▸ **ACTIVITY**
In the records below, locate the line containing "Some of the words"; output that line and every following line through the last, exactly.

Extracted data entries
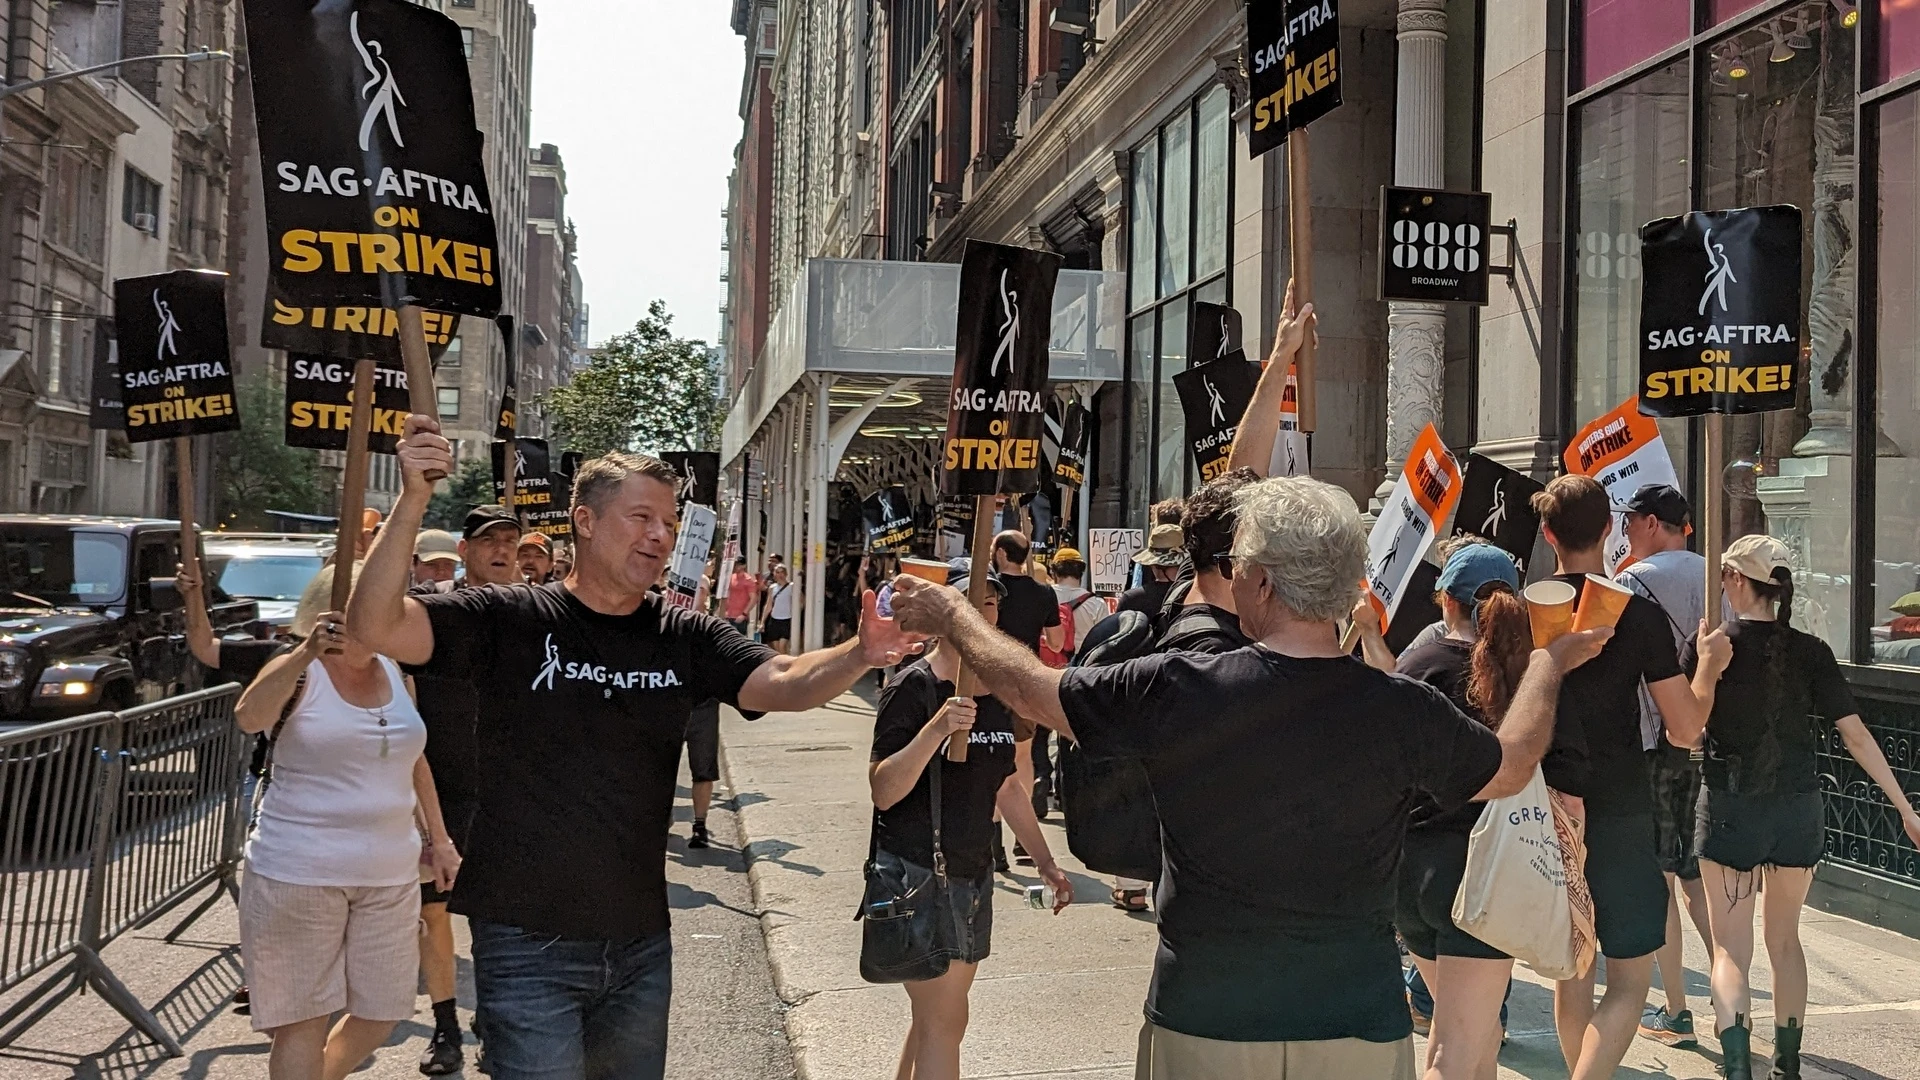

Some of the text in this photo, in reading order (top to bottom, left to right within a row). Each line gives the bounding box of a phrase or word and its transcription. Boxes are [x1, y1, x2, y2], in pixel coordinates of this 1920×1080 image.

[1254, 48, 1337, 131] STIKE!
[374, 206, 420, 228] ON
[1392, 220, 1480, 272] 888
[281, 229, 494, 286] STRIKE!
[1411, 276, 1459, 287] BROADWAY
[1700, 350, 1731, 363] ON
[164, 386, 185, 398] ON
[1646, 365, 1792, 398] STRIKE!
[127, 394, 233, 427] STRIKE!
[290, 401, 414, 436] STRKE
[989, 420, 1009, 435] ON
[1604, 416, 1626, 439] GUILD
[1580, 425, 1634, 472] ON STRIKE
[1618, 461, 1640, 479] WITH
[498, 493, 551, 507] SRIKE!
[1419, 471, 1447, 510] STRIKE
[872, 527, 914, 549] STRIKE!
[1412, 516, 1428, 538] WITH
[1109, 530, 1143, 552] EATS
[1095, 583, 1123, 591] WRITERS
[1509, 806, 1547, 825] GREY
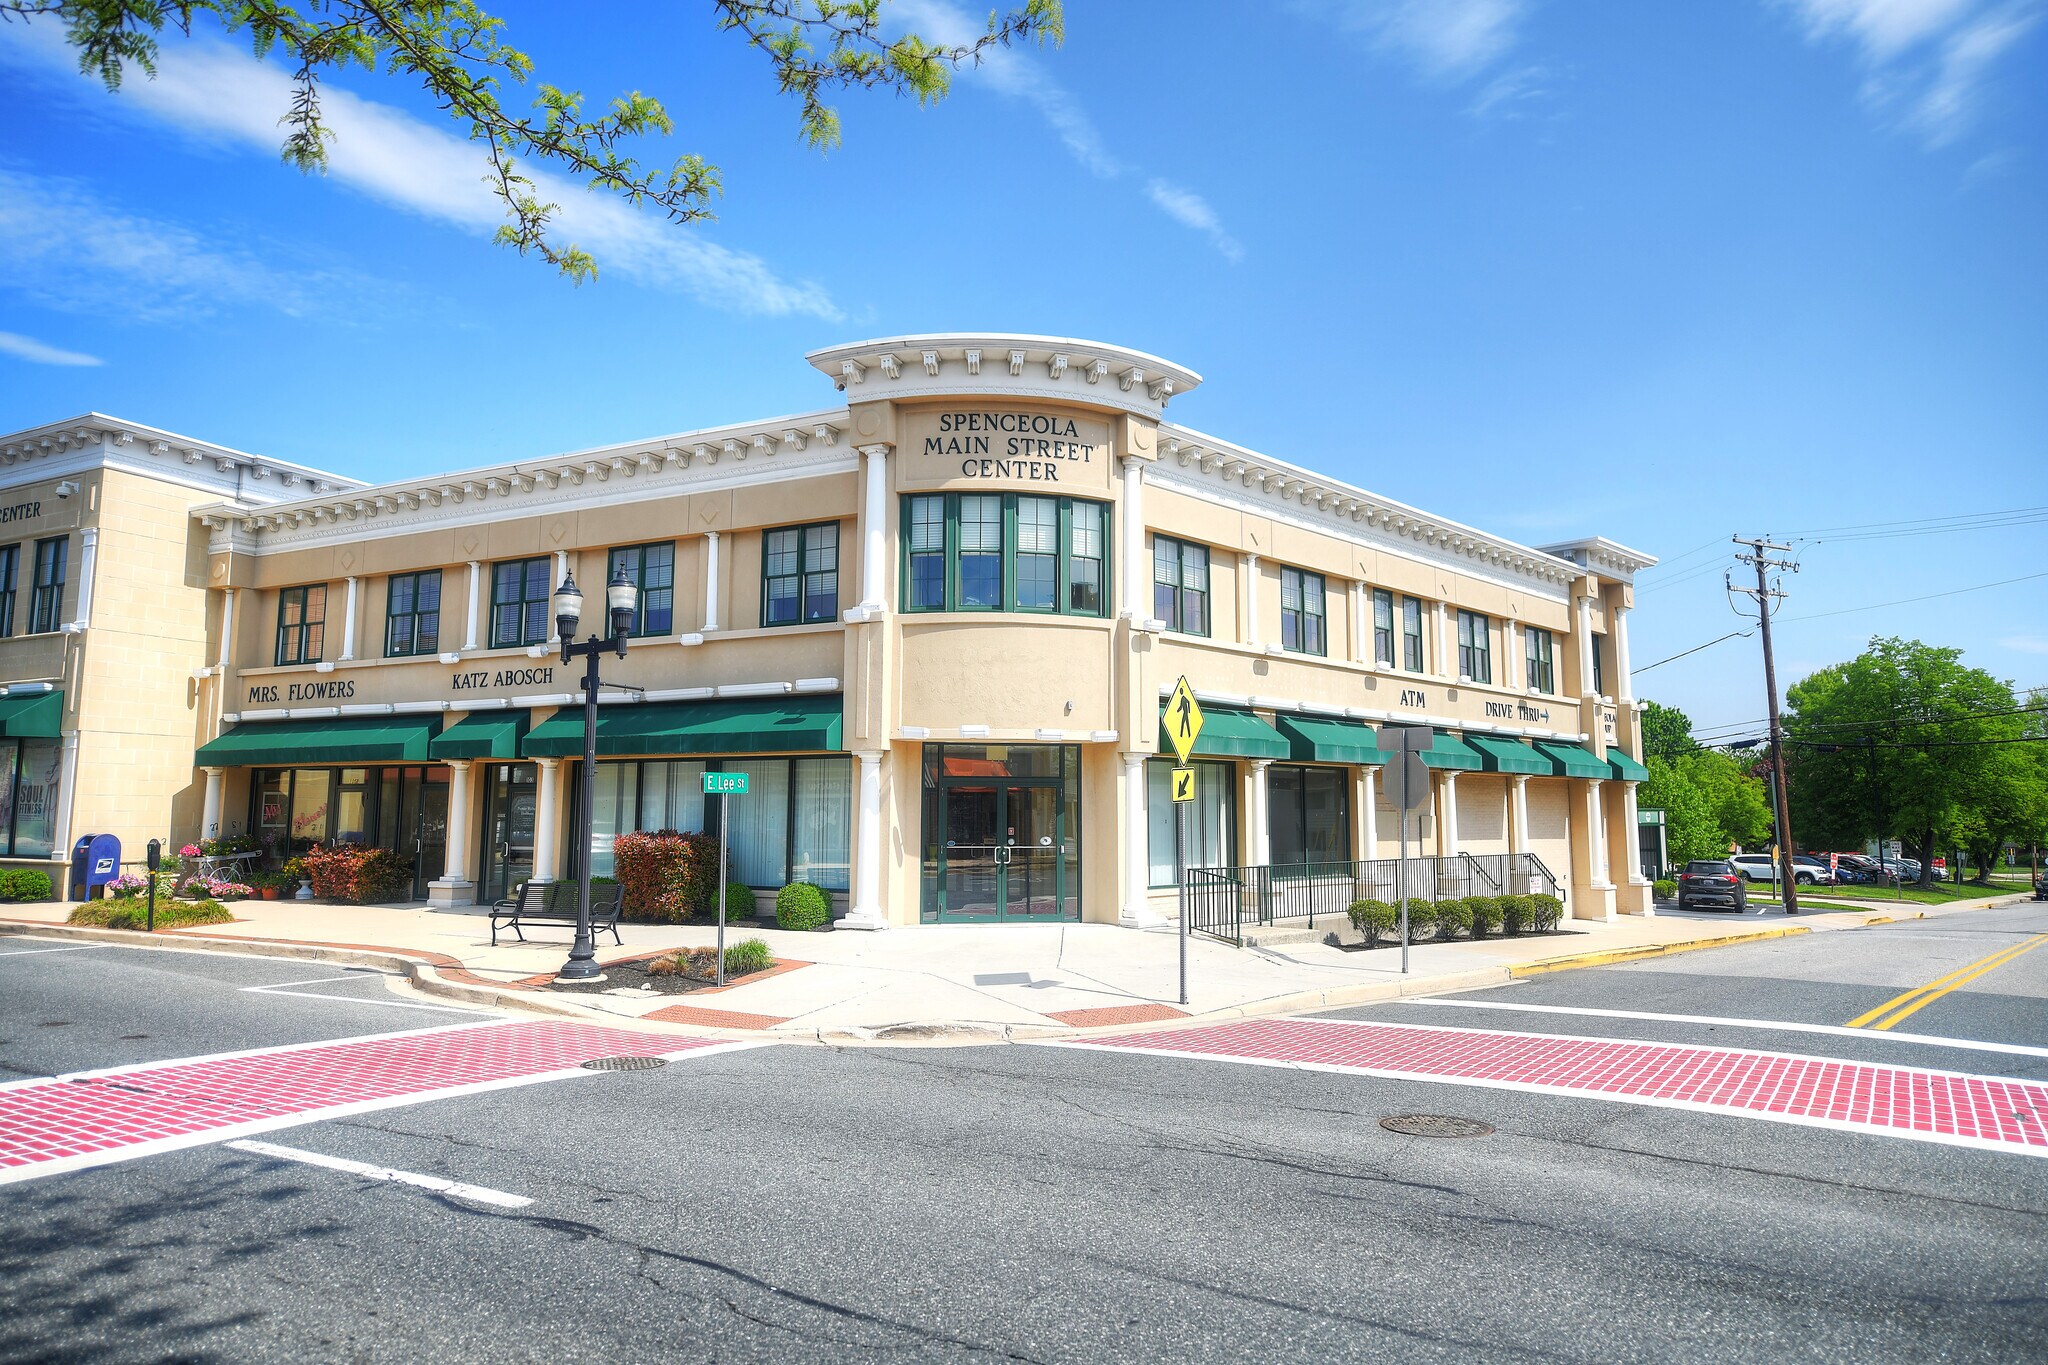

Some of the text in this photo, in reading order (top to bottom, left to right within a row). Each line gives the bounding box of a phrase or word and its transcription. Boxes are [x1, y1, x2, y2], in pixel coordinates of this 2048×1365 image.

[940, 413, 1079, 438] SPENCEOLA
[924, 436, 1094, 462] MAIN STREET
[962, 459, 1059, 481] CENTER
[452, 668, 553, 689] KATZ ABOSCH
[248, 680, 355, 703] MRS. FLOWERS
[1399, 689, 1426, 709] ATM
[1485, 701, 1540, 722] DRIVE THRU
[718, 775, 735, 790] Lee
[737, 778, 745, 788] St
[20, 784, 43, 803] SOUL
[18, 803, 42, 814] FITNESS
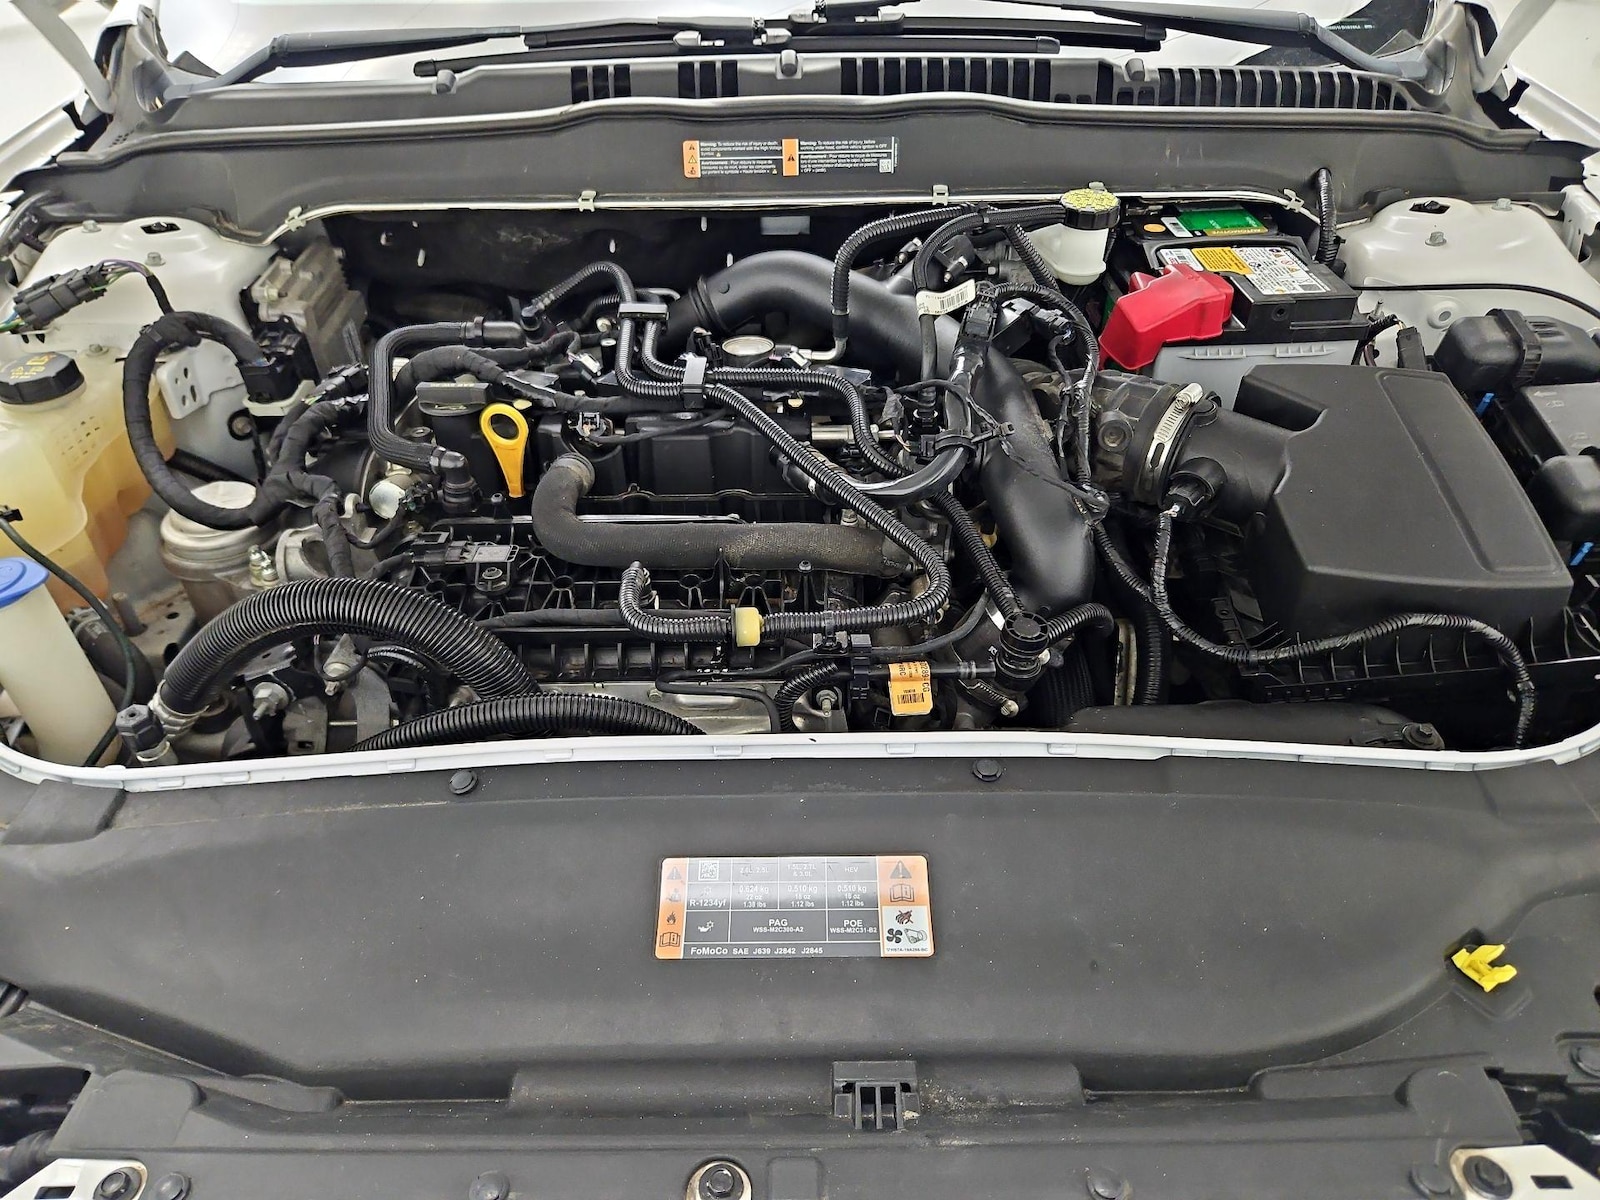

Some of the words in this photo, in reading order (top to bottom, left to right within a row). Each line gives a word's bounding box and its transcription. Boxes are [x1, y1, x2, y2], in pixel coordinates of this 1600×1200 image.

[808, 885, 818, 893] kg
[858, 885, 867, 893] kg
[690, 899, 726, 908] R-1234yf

▸ **YOUR RESPONSE**
Some of the words in this photo, in reading order (top to bottom, left to right within a row). Each line gives a word's bounding box and its transcription. Boxes are [x1, y1, x2, y2], in pixel coordinates of this 1600×1200 image.

[808, 885, 818, 893] kg
[858, 885, 867, 893] kg
[690, 899, 726, 908] R-1234yf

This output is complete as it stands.